[Saved data entries]
★ ★ ★ ★ ★ ★ ★
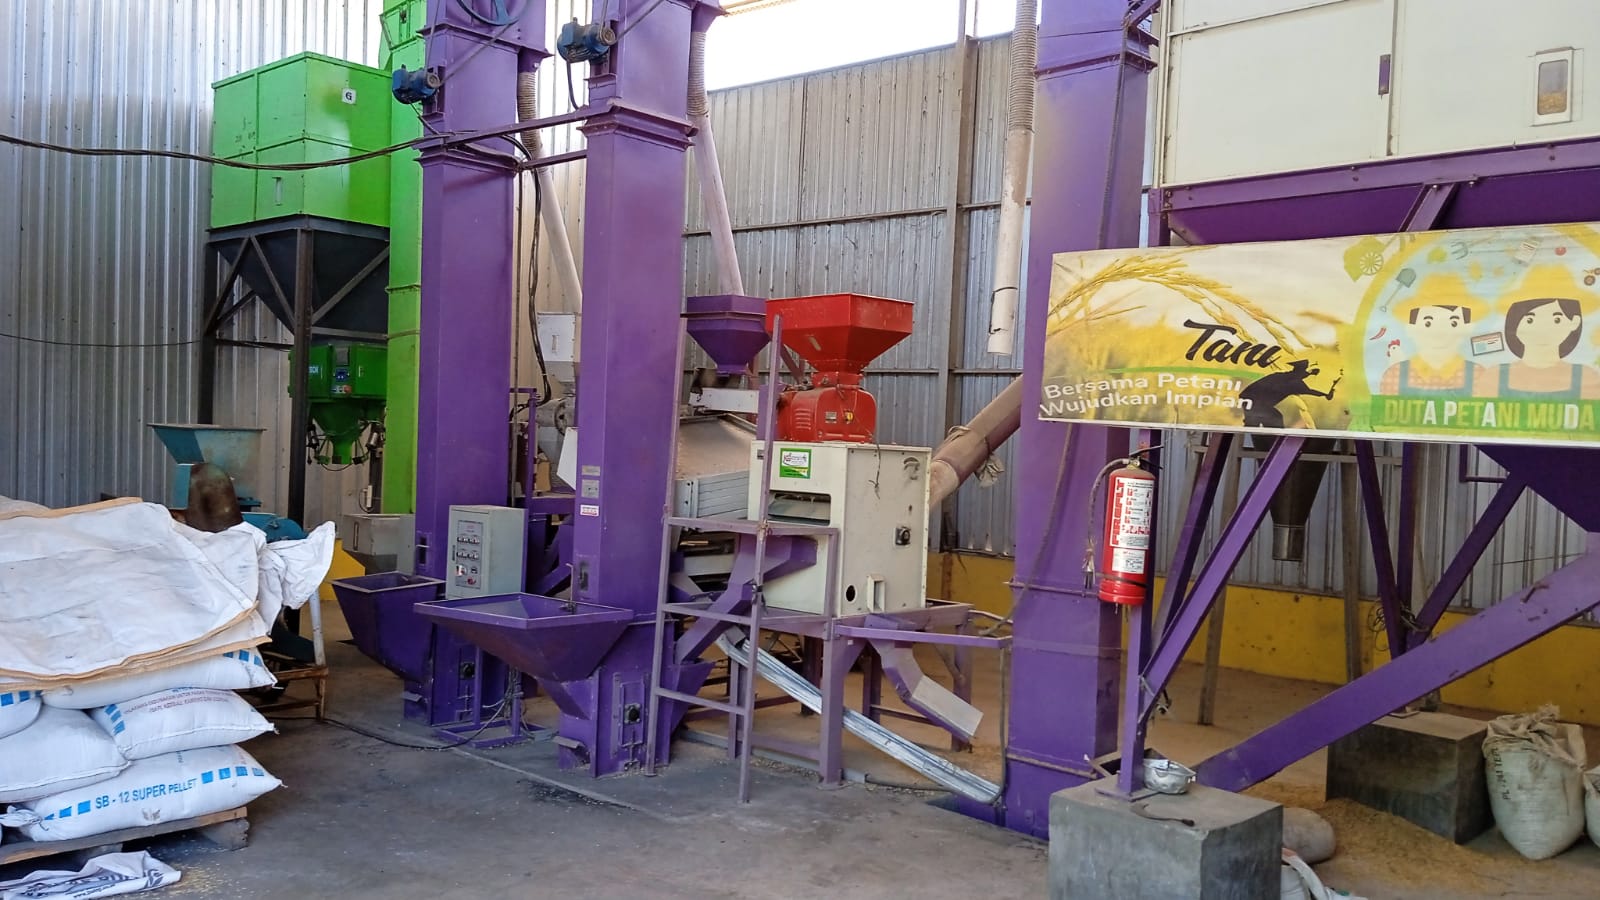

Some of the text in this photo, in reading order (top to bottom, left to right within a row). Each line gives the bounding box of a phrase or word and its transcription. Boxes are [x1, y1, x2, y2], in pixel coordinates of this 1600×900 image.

[345, 91, 352, 101] G
[1044, 372, 1242, 400] Bersama Petani
[1039, 389, 1253, 417] Wujudkan Impian
[1384, 399, 1595, 431] DUTA PETANI MUDA
[95, 795, 110, 809] SB
[118, 791, 130, 804] 12
[132, 783, 166, 802] SUPER
[168, 777, 198, 794] PELLET
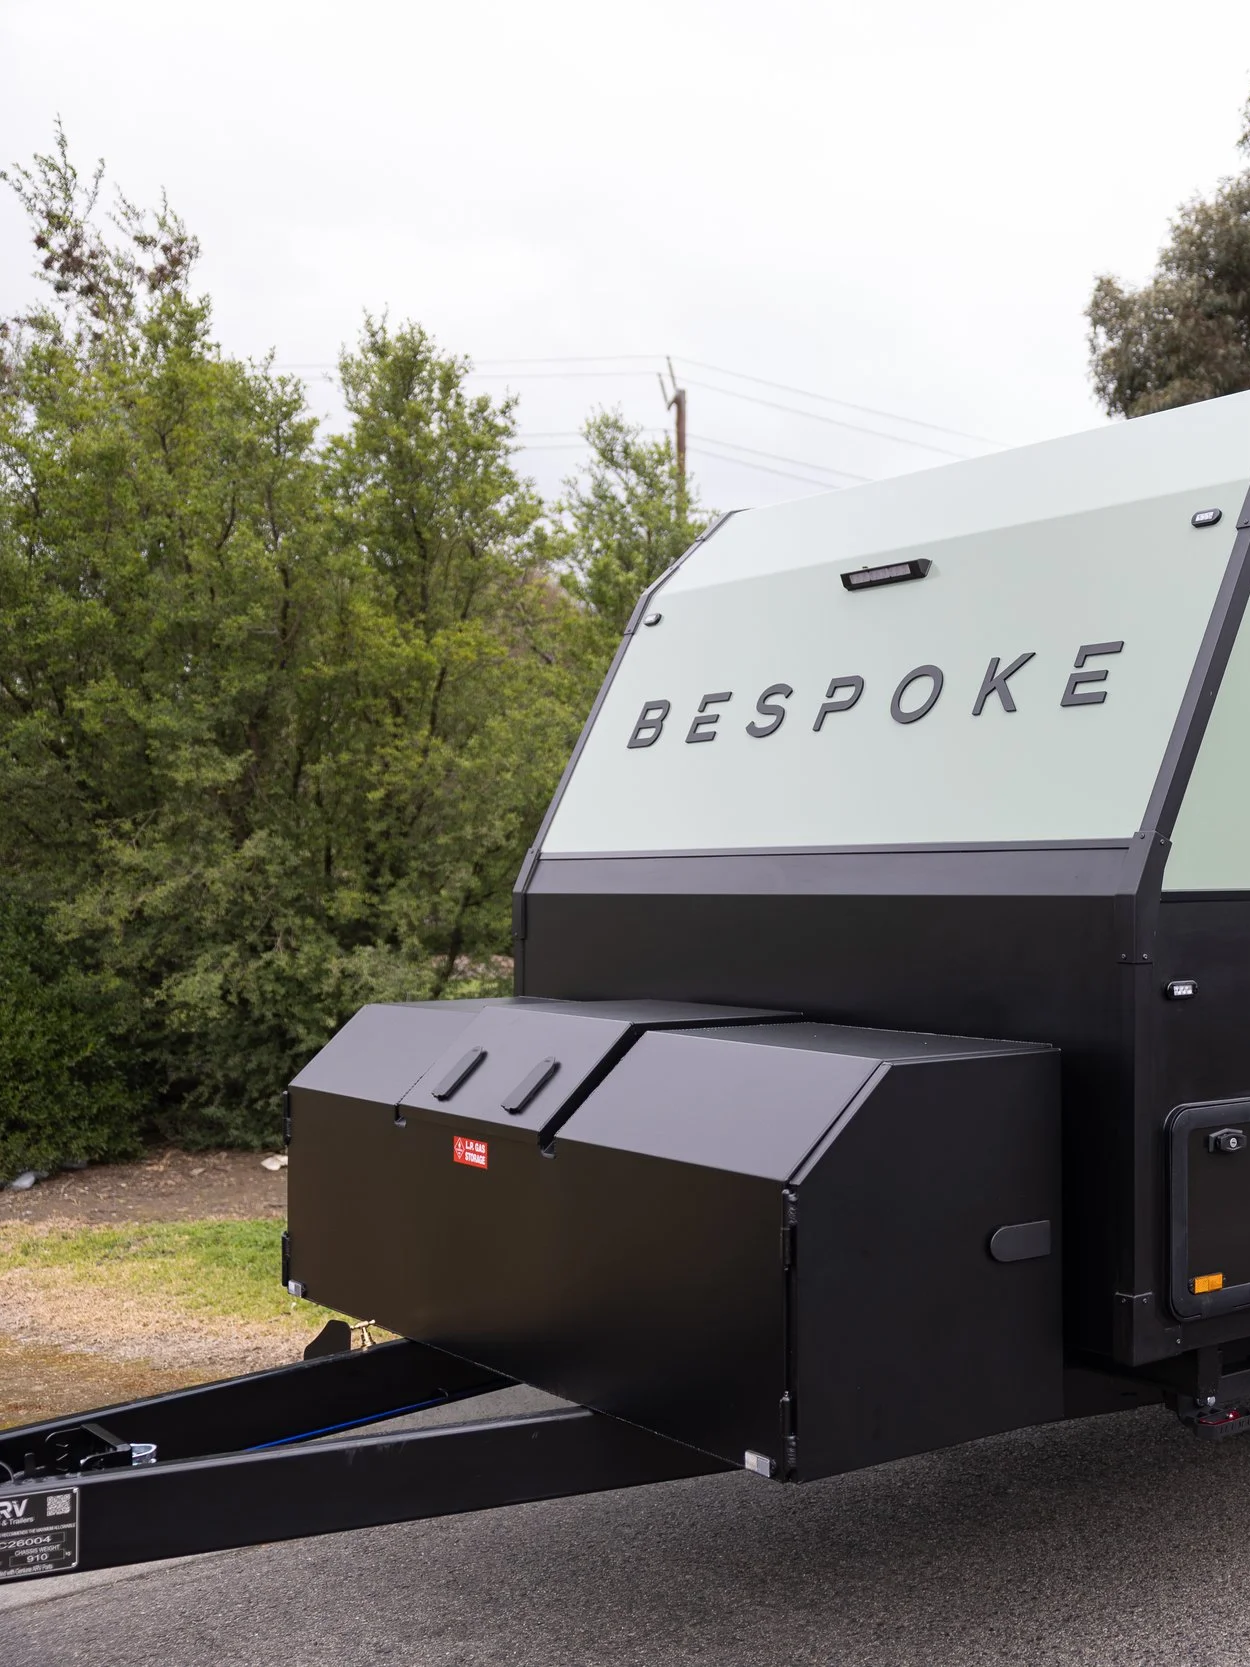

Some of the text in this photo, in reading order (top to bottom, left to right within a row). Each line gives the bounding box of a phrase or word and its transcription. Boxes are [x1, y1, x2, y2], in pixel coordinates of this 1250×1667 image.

[627, 641, 1124, 749] BESPOKE
[475, 1142, 485, 1153] GAS
[465, 1151, 486, 1165] STORAGE
[9, 1517, 34, 1525] Trailers
[14, 1544, 60, 1557] CHASSIS WEIGHT
[26, 1553, 48, 1562] 910
★ ★ ★ ★ ★ ★ ★
TASK TO CARRY OUT:
Give back, exactly and with nothing added, the lines from the line containing "this 1250×1667 image." through the final line of the records above, both of them included.

RESPONSE TO THE EXERCISE:
Some of the text in this photo, in reading order (top to bottom, left to right within a row). Each line gives the bounding box of a phrase or word and its transcription. Boxes are [x1, y1, x2, y2], in pixel coordinates of this 1250×1667 image.

[627, 641, 1124, 749] BESPOKE
[475, 1142, 485, 1153] GAS
[465, 1151, 486, 1165] STORAGE
[9, 1517, 34, 1525] Trailers
[14, 1544, 60, 1557] CHASSIS WEIGHT
[26, 1553, 48, 1562] 910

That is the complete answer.